Sabbatical 2017

Sabbatical 2017
Eiffel Tower

Monday, April 10, 2017

Canonical Reading Plan for Apr 11, 2 Sam 22-24

Today's readings are 2 Sam 22-24.

David's song in 2 Sam 22 parallels Psalm 18. Read it carefully, David recounts all the Lord has done for him, giving the glory to God. This song should be considered in the context of his circumstances, which have drastically deteriorated. Nonetheless, David turns his attention toward God and pours out his heart in thanks to Him.
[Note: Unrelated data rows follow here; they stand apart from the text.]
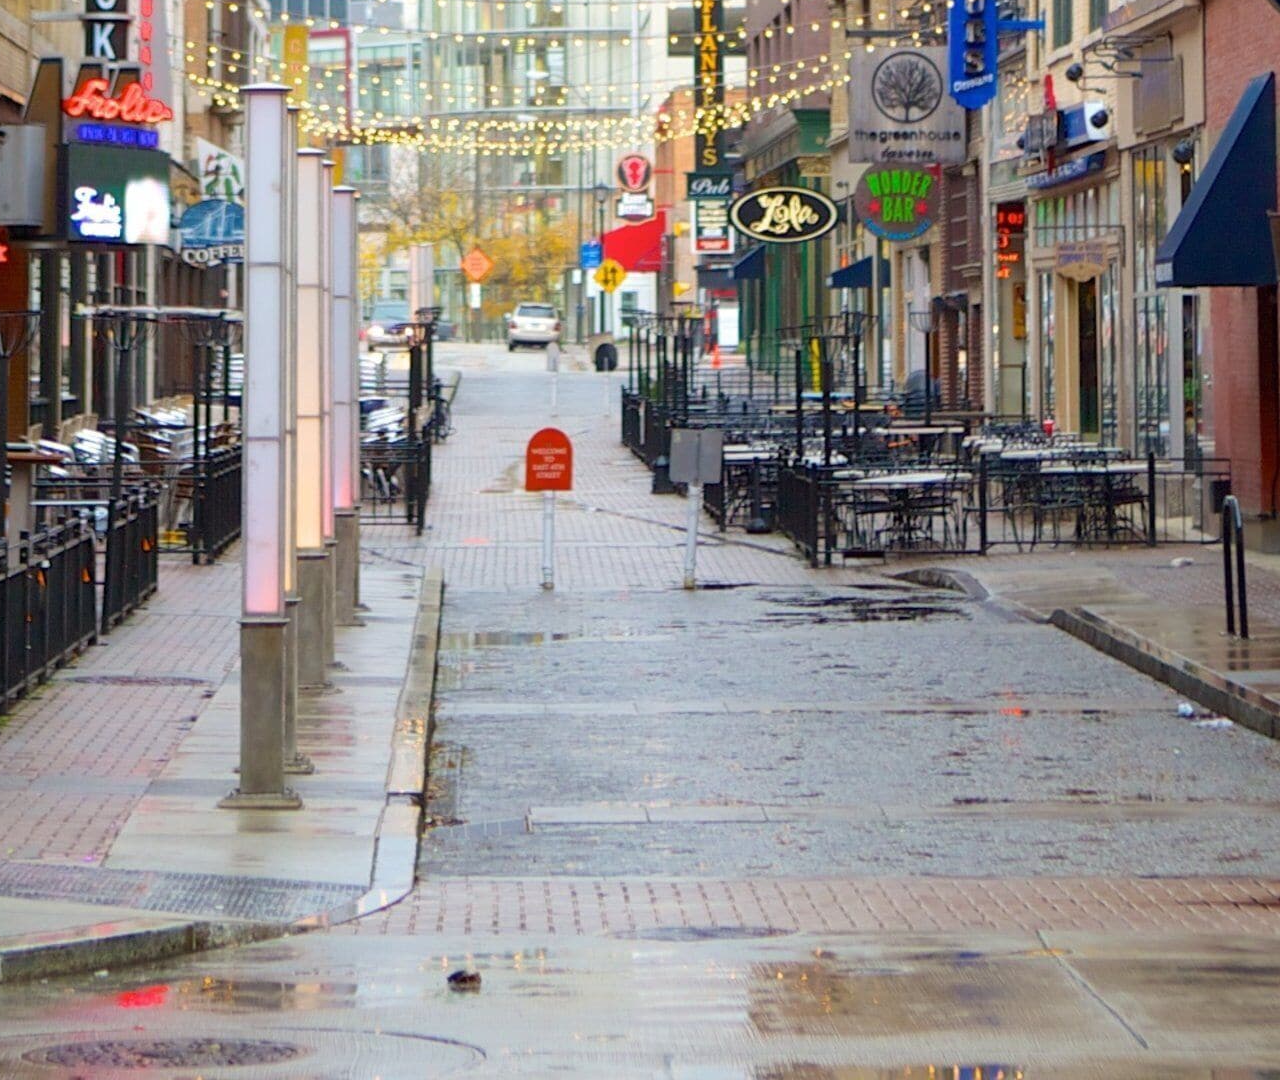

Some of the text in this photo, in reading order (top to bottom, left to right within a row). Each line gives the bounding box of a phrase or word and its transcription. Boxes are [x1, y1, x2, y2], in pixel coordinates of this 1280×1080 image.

[689, 177, 731, 196] Pub
[865, 170, 933, 198] WONDER
[750, 193, 820, 235] Lola
[882, 196, 915, 223] BAR
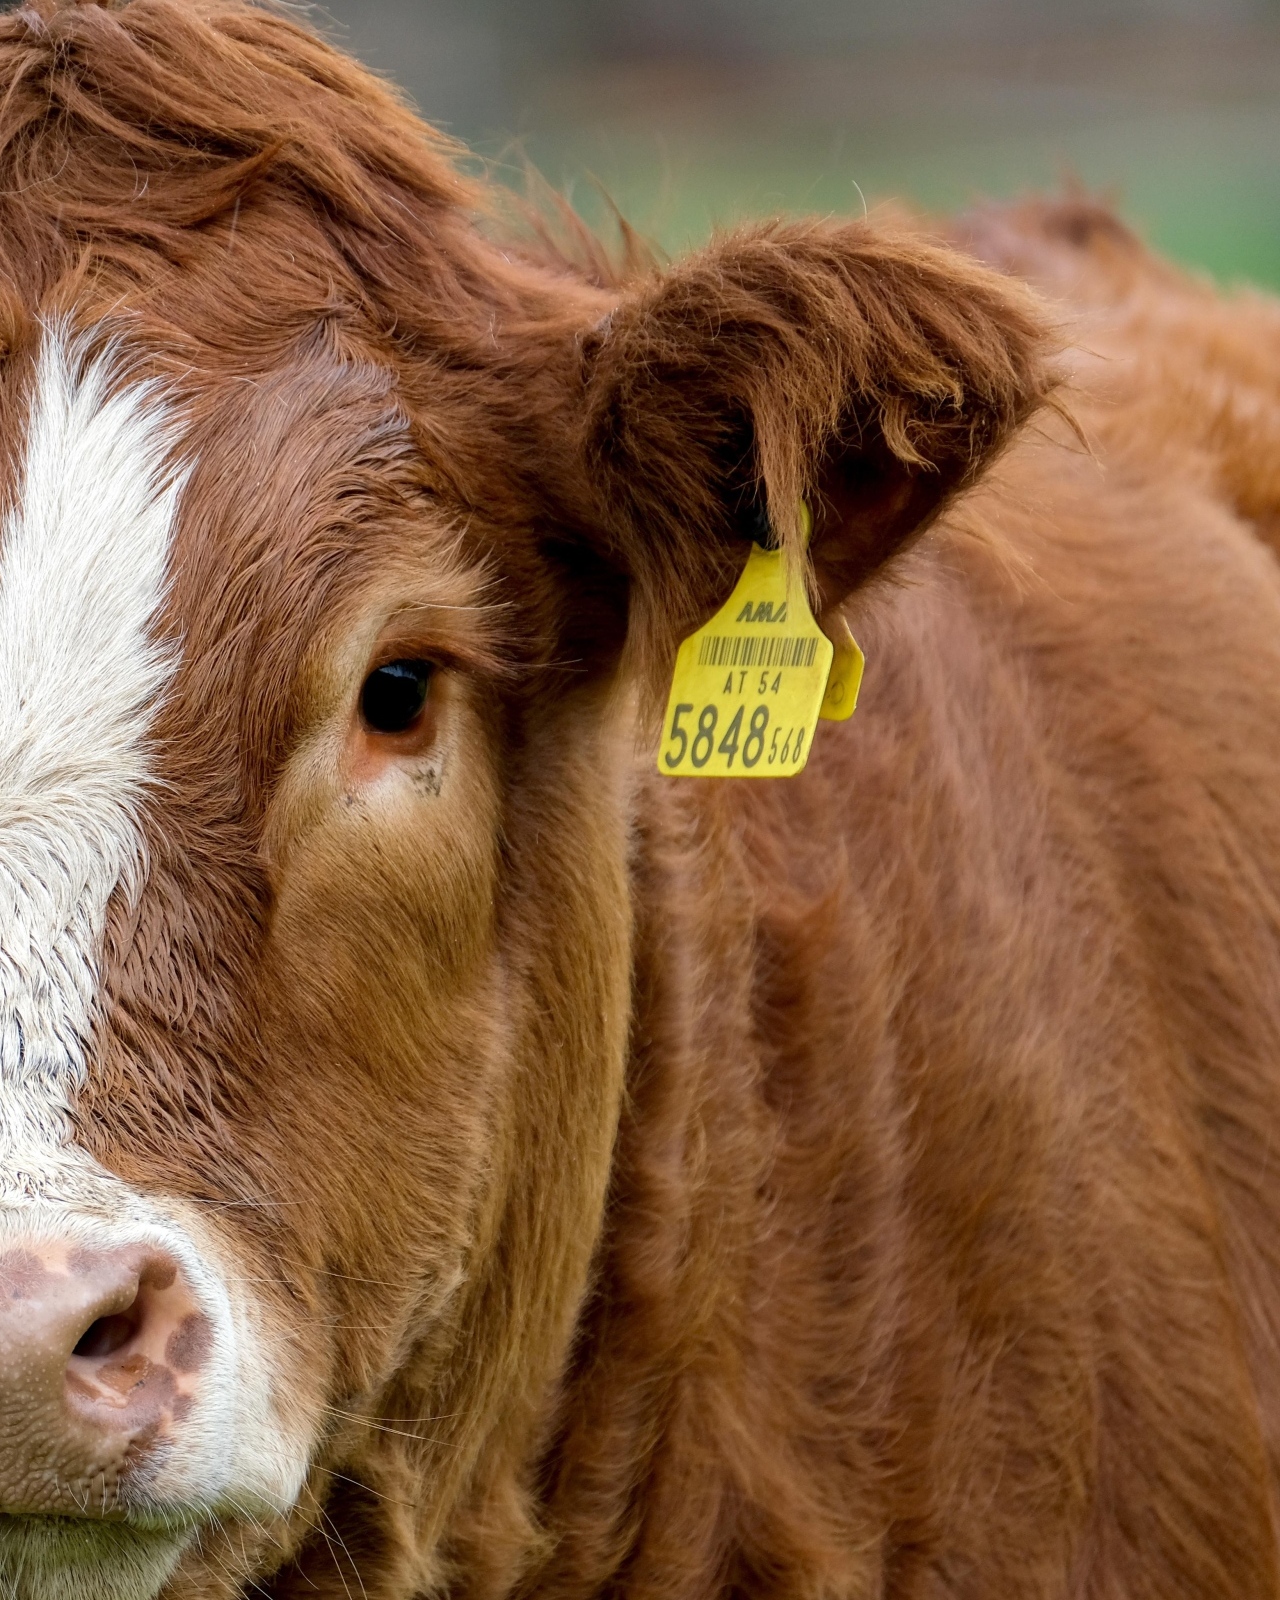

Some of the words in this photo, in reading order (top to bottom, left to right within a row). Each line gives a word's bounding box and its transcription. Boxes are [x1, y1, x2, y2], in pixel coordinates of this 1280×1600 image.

[736, 601, 787, 622] AMA
[723, 671, 748, 694] AT
[758, 671, 782, 694] 54
[665, 703, 769, 768] 5848
[768, 727, 805, 765] 568
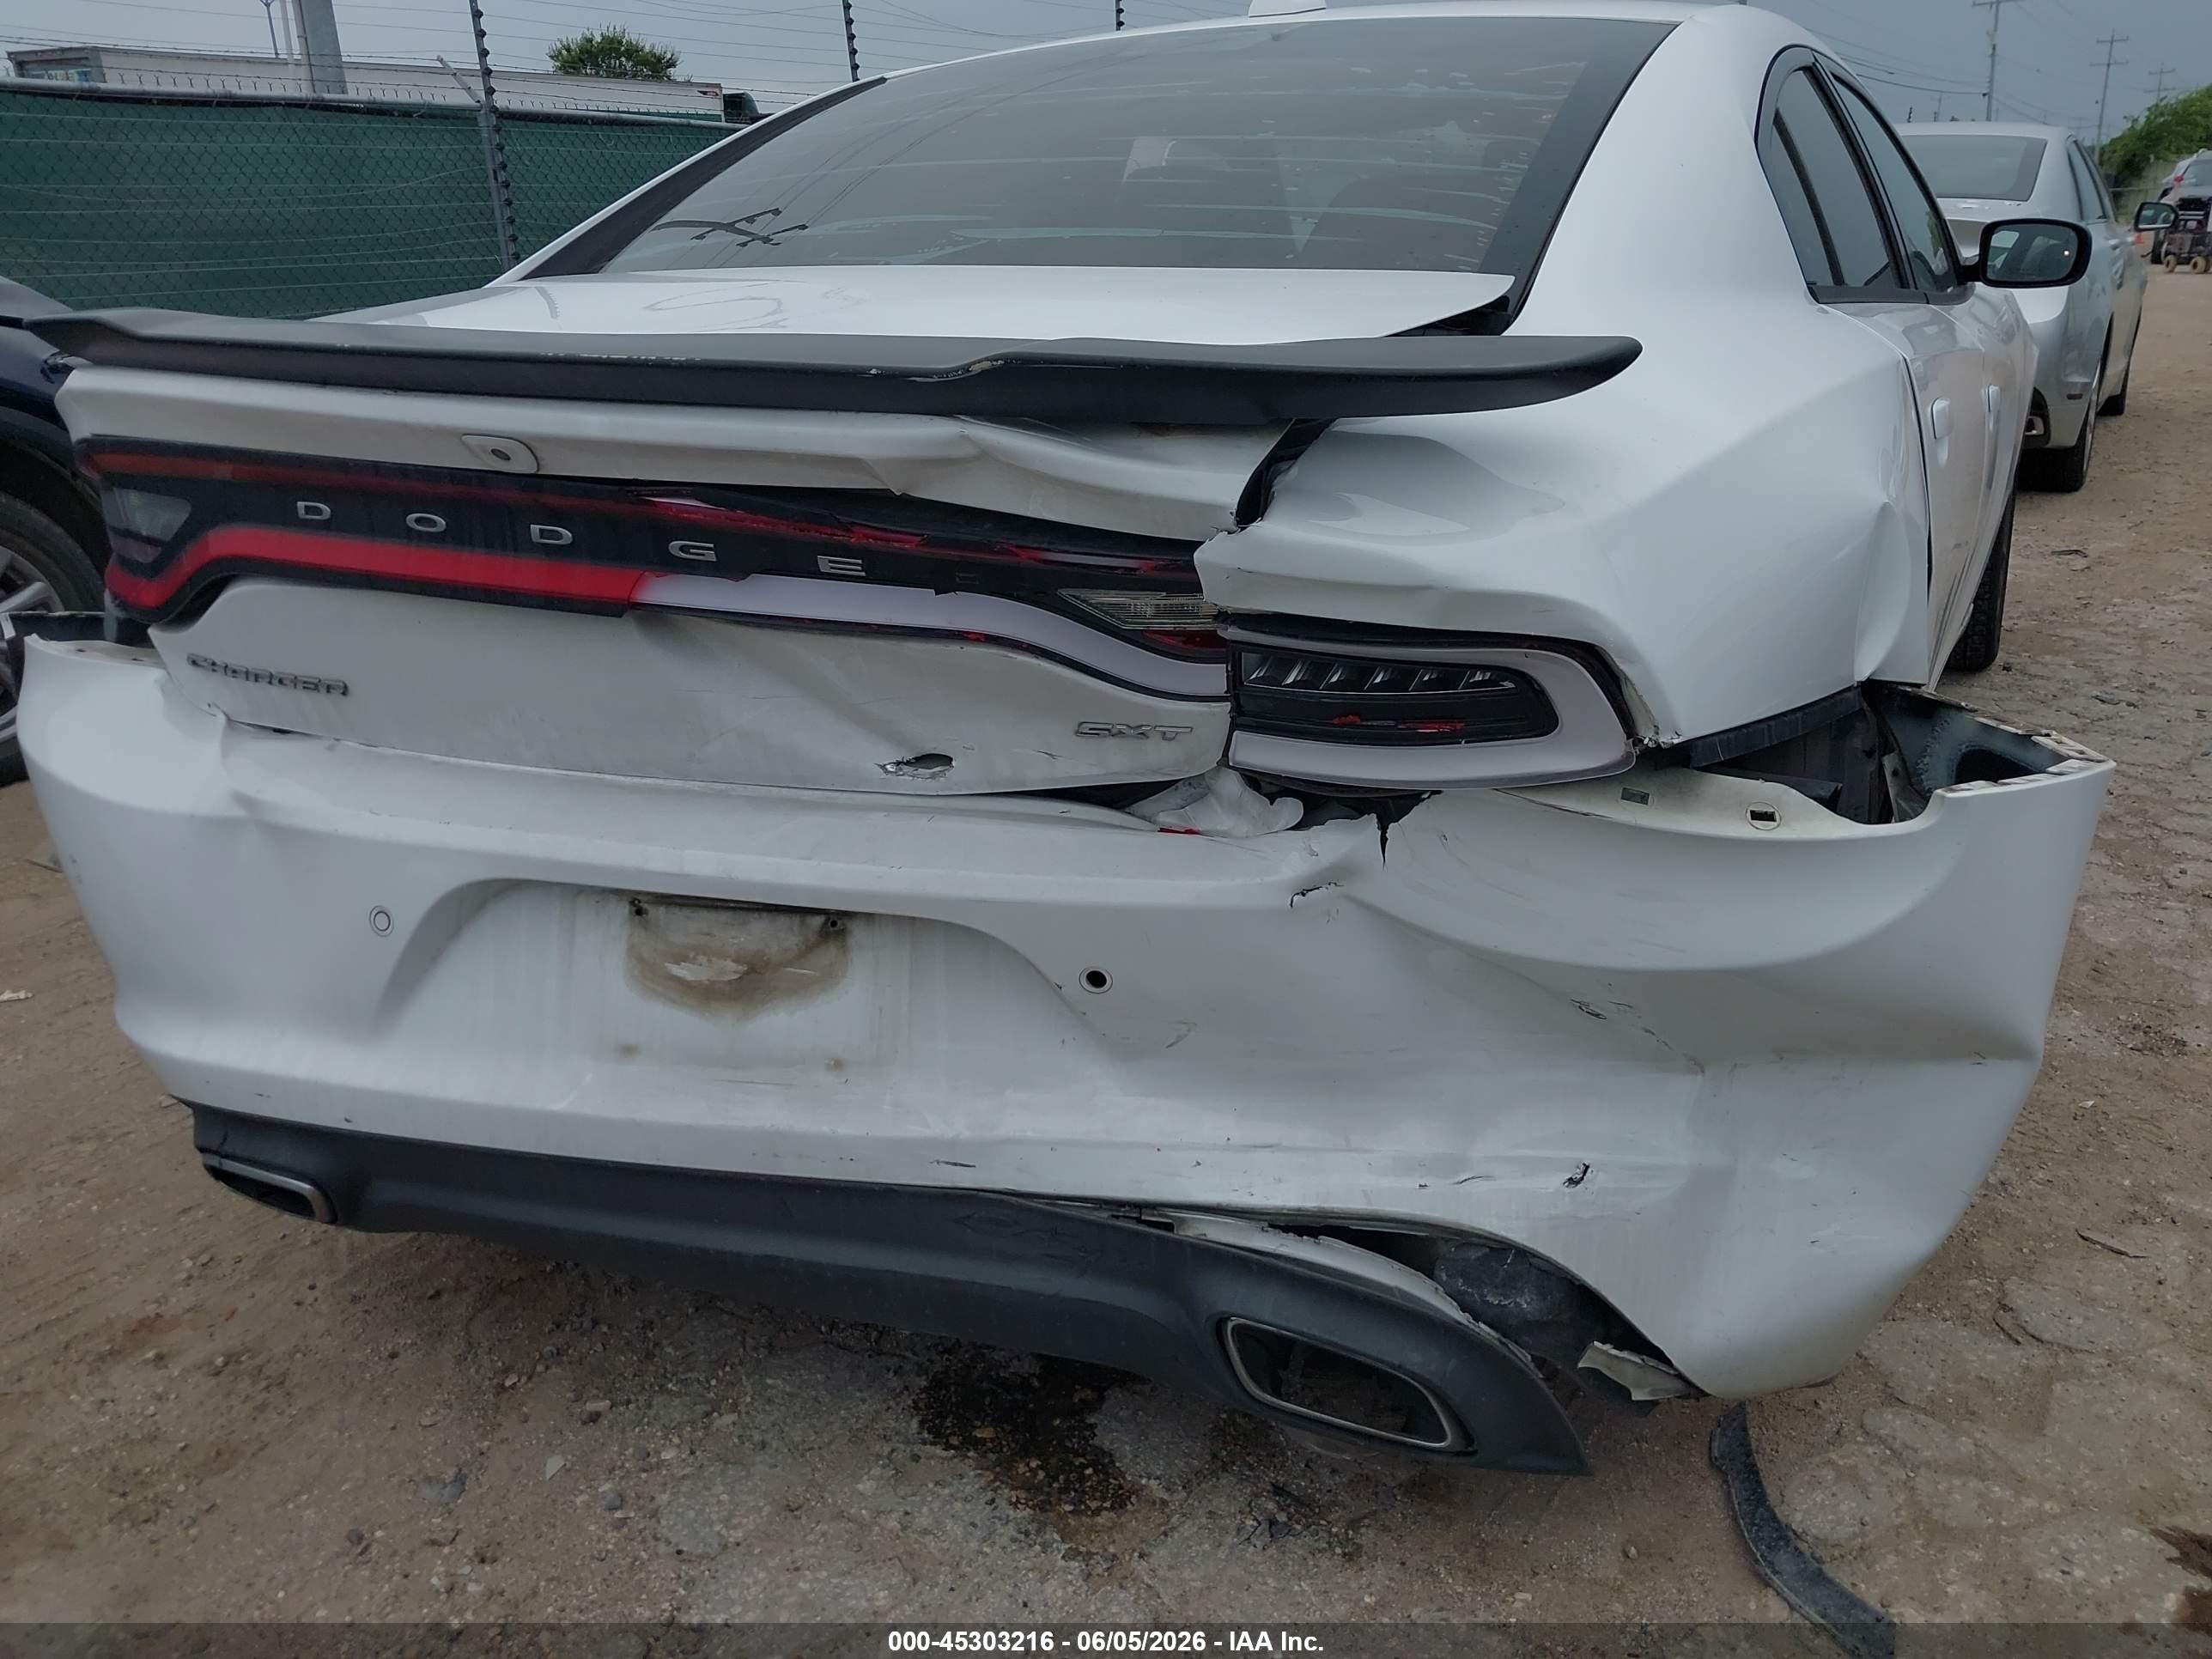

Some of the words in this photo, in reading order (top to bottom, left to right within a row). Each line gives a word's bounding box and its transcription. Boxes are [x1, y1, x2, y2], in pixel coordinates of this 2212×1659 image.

[296, 501, 866, 577] DODGE
[186, 653, 349, 696] CHARGER
[1076, 721, 1194, 741] SXT
2 Sam 23:1-6 is not intended to be David’s dying words. They are more of a testimony of God's power and presence in David's life and in the future of David's throne, more like a will or testament than a death bed proclamation.  David wants to make sure folks who follow him understand where his blessings originated. The poem is prophetic, an oracle (2 Sam 23:1). Some see this passage as being a Messianic prophecy.

The poem is chiastic in structure, the primary emphasis being on the central element of the chiasm.
A. David speaks of himself in the third person (vs 1)
B. David speaks in the first person (vs 2-3ab)
       C. The Lord speaks (vs 3cd-4)
              B1 David speaks in the first person (vs 5)
A1 David speaks, in the third person, of the wicked (vs 6-7)

As is always the case with chiastic structure, the primary subject is the central theme of the chiasm. David’s poem/will/last testament gives God the final word.

2 Sam 23:8-39 gives honor to the valiant men who fought with David. Combined with the oracle in the first six verses, we see that David is providing a retrospective of his reign.

2 Sam 24:1 seems like a dichotomy. God is angry with Israel yet, He incites David to take a census which will later turn out to be a sin that requires repentance (2 Sam 24:10). 

Meanwhile, the situation is further complicated by Joab’s initial resistance to David’s order (2 Sam 24:3). Furthermore, Joab does considerably less than David orders him to do (2 Sam 24:4; 1 Chr 21:6). Notice, he doesn't venture far into Benjamite territory nor does he count the Levites.


The reader is left to wonder what’s going on! Did God order David to sin? Is David wrong about his sin? What is Joab's problem that he seems to be constantly at odds with David's orders?

The answer is found in 1 Chr 21:1, which looks back on this incident. In that passage we see that Satan, appealing to David’s pride, is the messenger regarding the census. God allowed Satan to tempt David so that God could show David that his heart still needed some work, particularly after the amazing, God-centered statements made in 2 Sam 22-23. God is not punishing David, but reminding him that, as good a man as he is, he is not yet perfect.

That David responds to the idea of the census reveals that God is spot on about David’s pride. Ultimately, once David's sin is exposed, his integrity will not allow him to move forward without humbling himself, and repenting before the Lord (2 Sam 24;10-11).

Yet again, we see that there are consequences for David’s sin (2 Sam 24:12-17). They are the result of David numbering Israel out of pride, Joab resenting the order of the king, taking things into his own hands and making things worse by doing less than he was told. The emphasis in both passages is not on the accuracy of the numbers, which will differ from those seen in 1 Chr, but the pride and disobedience of the participants and the confusion and consequences that ensue when God is not in the proceedings.

The lesson for us as believers is to be careful of numbering our accomplishments for our own satisfaction and edification. David struggles with the issue of pride. Joab struggles with being judgmental and self-righteousness. Notice how David stumbles and Joab makes things worse. Sin in response to sin never edifies or heals. 

But there's another lesson as well, one we see repeatedly. The appropriate response to sin is repentance -- heartfelt, contrite repentance. We neither ignore it nor incessantly revisit it. We repent; God restores. David knows this. Apparently, Joab does not.